Notes on this topic from multiple angles including mathematics, programming languages (both control flow and memory interactions), software applications, operating systems, e.t.c.

w.r.t. programming languages, Haskell (Functional languages in general) is the prime example of a language built with the idea of composable computation in mind, hence the concept of a monads typeclasses, the atomic unit of composable computation, which encapsulate the result of combining (binding) operations.

what makes good composability possible in languages like Haskell and SQL is the use of (or robust support for) atomically transactional operations. i would argue that the parallel concept to monads in SQL is the transaction, which encapsulates an atomic operation on persistence (see ACID principles). A transaction can be built out of a number of other atomic operations but its result is indivisible (i.e. no discernable intermediate states) and deterministic given the same constituent sub-operations

— perhaps i should also be clearer on what i mean by atomicity: the smallest individible unit of something, in this case a computation.

in terms of control flow, composable operations are characterized by having one entry and one exit, in that they can be used as a statement anywhere in a program without disrupting the control flow, leading to minimal structured control flow (personal note: see the parallels to this and what you were trying to implement in artisan 1.0). this idea originted from research by Böhm and Jacopini in 1966 on eliminating “goto” statements from programs, then replacing them with “if-else-then”s and “loops” (see wikipedia section).

the concept of Monads from functional programming (also called “workflows” in the f# community), is essentially another take on this principle that lifts directly from category theory (pun intended). monads serve as a way of accounting for and managing side effects in otherwise pure and composable operations that increase the number of/change the types of the outputs — an error (sideeffect) handling technique in essence.

An idea around this → Software Transactional Memory: works by, instead of acquiring locks on modifiable data, it makes modifications and does an after-the-fact check for conflicts on the data, aborting and retrying if any are found.

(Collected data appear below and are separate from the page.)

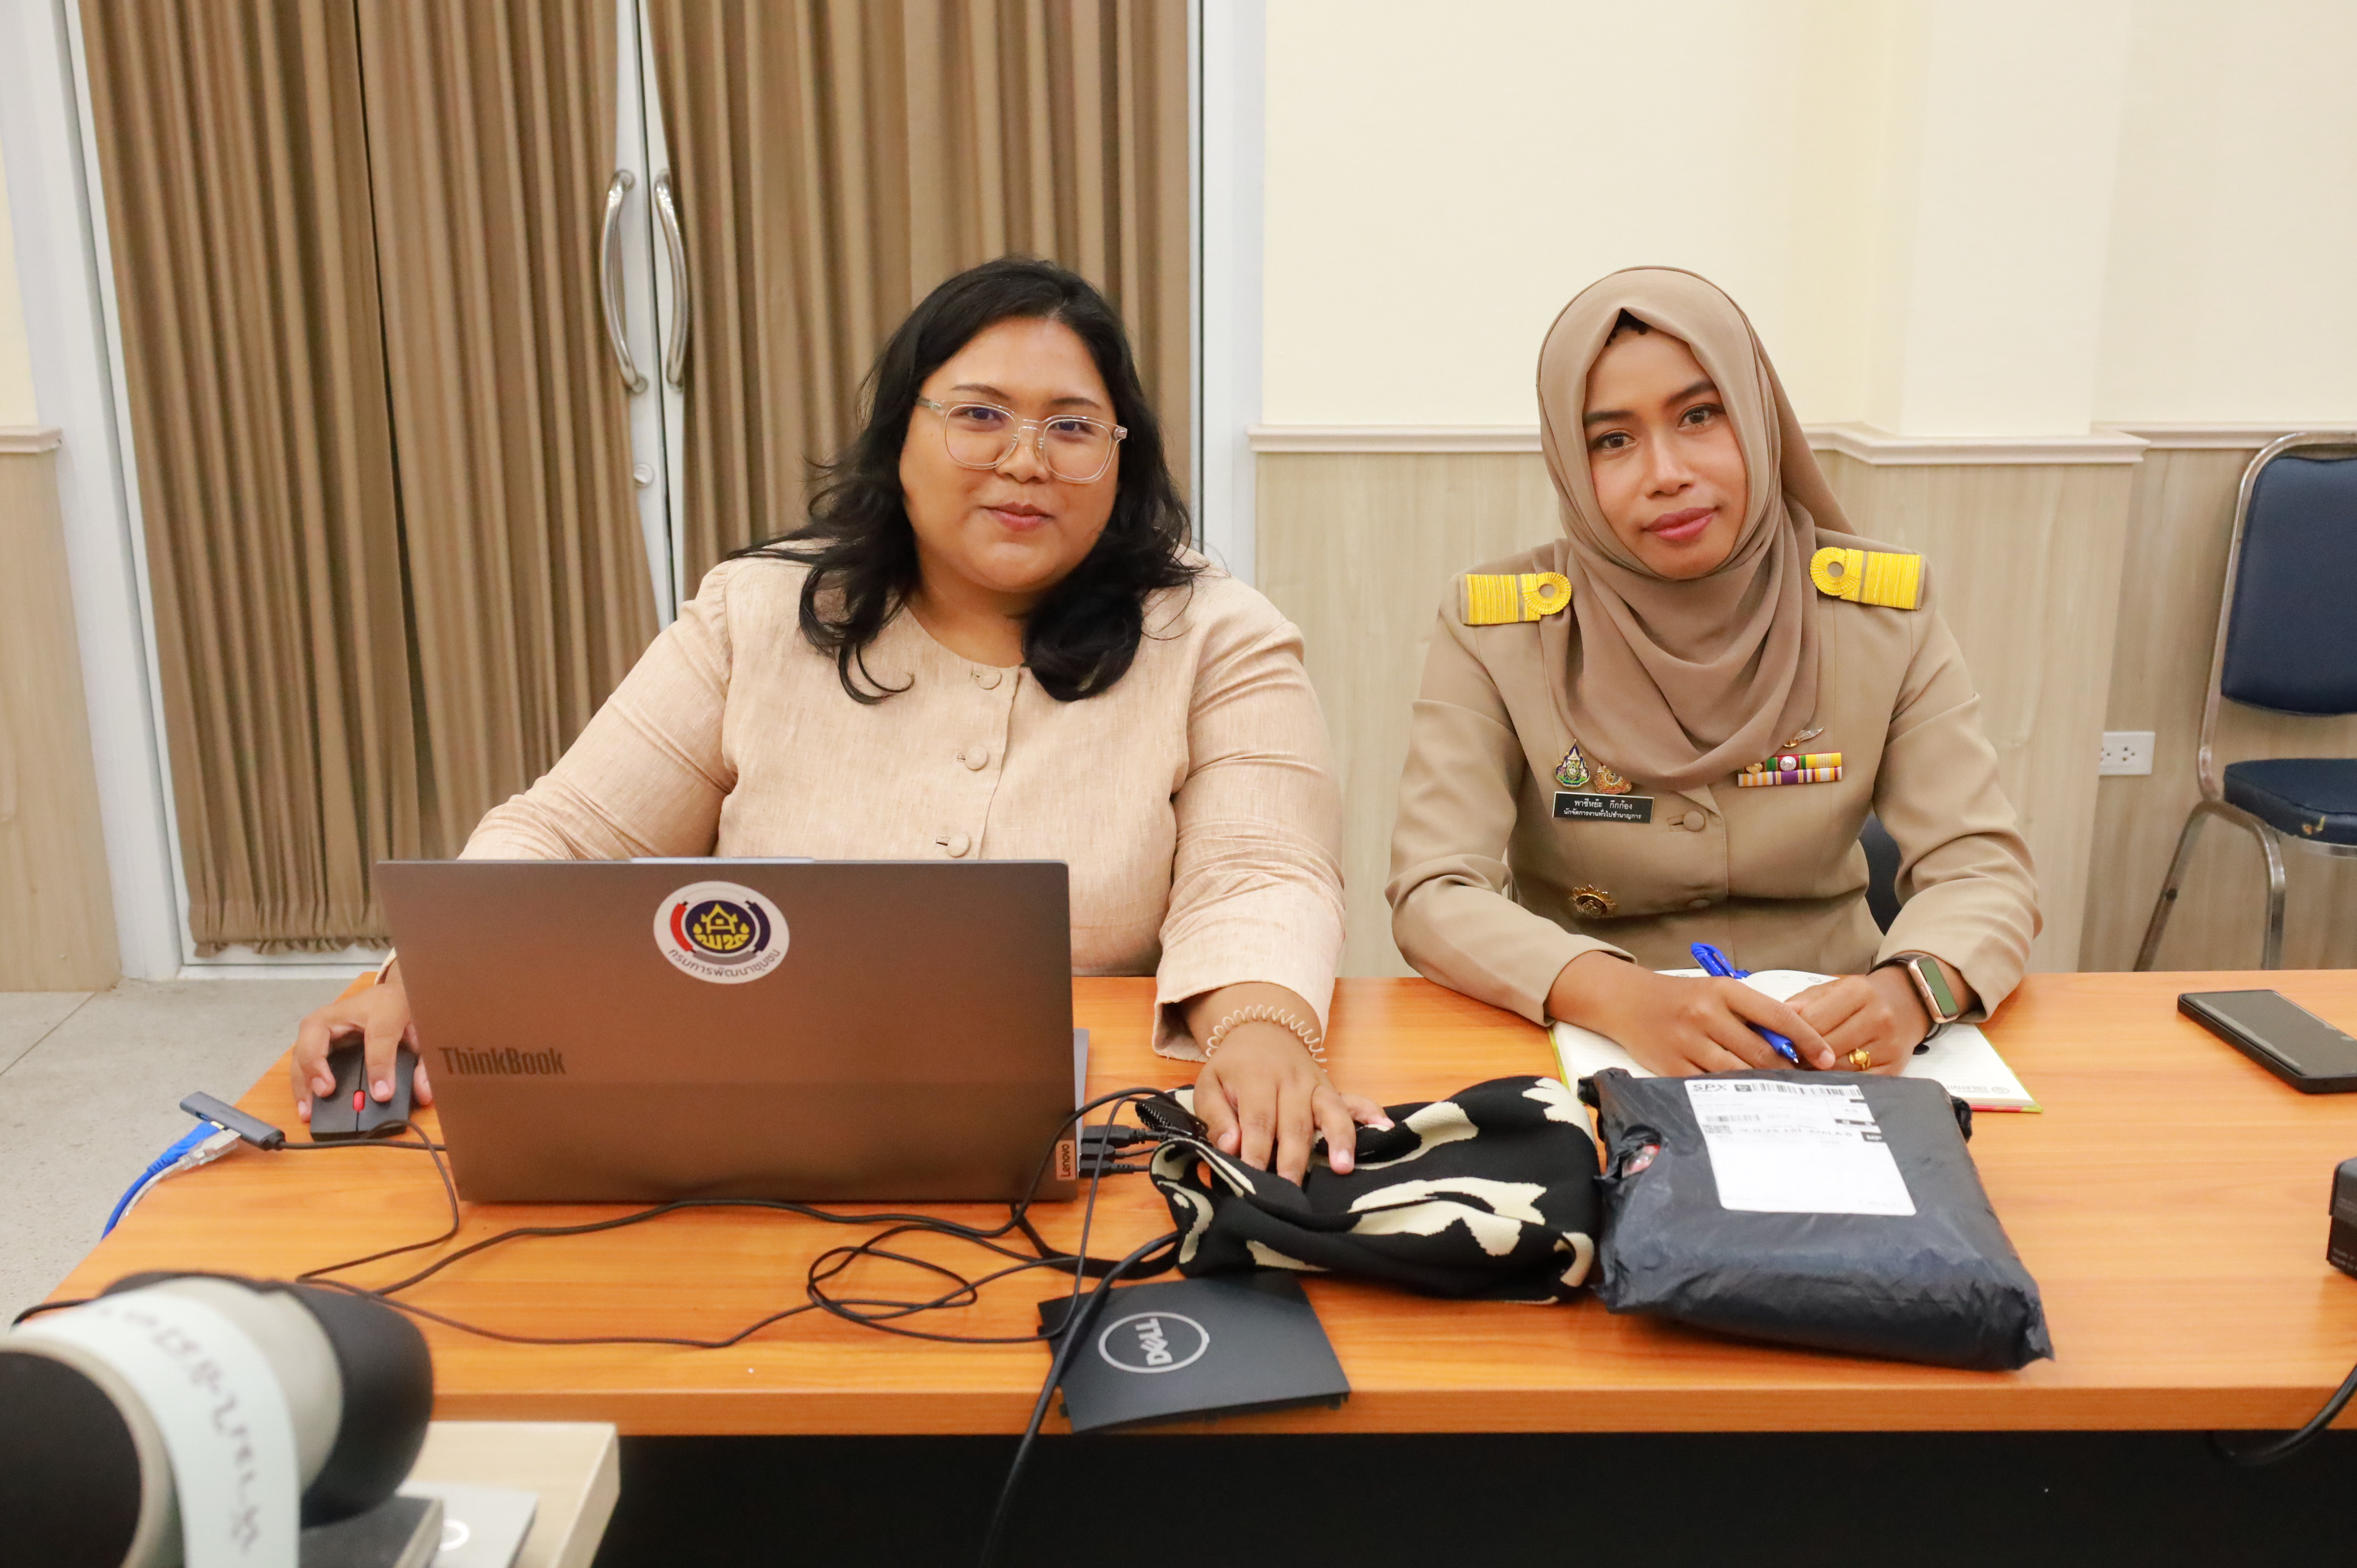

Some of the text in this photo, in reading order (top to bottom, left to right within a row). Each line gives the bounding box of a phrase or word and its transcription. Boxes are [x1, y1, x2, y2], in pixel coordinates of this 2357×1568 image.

[1563, 808, 1642, 820] นักจัดการงานทั่วไปชำนาญการ
[668, 948, 781, 978] กรมการพัฒนาชุมชน
[438, 1047, 567, 1075] ThinkBook
[1061, 1143, 1071, 1177] Lenovo
[1135, 1318, 1173, 1366] DELL

personal note: the fundamental difference between transactional computation and regular computation is that transactions consider failure to be a feature and not an anomaly

something else, i’ve culled from the “universal composability” wikipedia page: universal composability in terms of turing machines :

“The computation model of universal composability is that of interactive Turing machines that can activate each other by writing on each other’s communication tapes”

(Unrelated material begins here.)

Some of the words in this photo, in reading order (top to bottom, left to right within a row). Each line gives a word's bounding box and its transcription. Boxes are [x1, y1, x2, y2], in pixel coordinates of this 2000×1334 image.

new thought as at Dec 31, 2018: since Turing machines and Lambda calculus are both equivalently agreed upon models for universal computation, I wonder whay the “computation model of universal composability” in terms of lambda calculus

In terms of software applications

… i’m thinking of how to be able to string together applicational funcionality without any care for what the applications are doing. I think two core brands of composability are relevant in this: functional composition and object composition. my intution tells me that what could be achieved with this would involve functional composition through object decomposition (this is kind of meaningless but i think the phrasing serves as a good pointer to the mental-memory location of the mental model i’m building around this). the essence of this is to remove dependency of applications by decomposing relevant data in objects in between function passes so as to remove the need for linkable signatures. object composition/decomposition points to the idea of being able to compound or filter data from 1 or more sources so that individual functions only recieve info that’s relevant to them.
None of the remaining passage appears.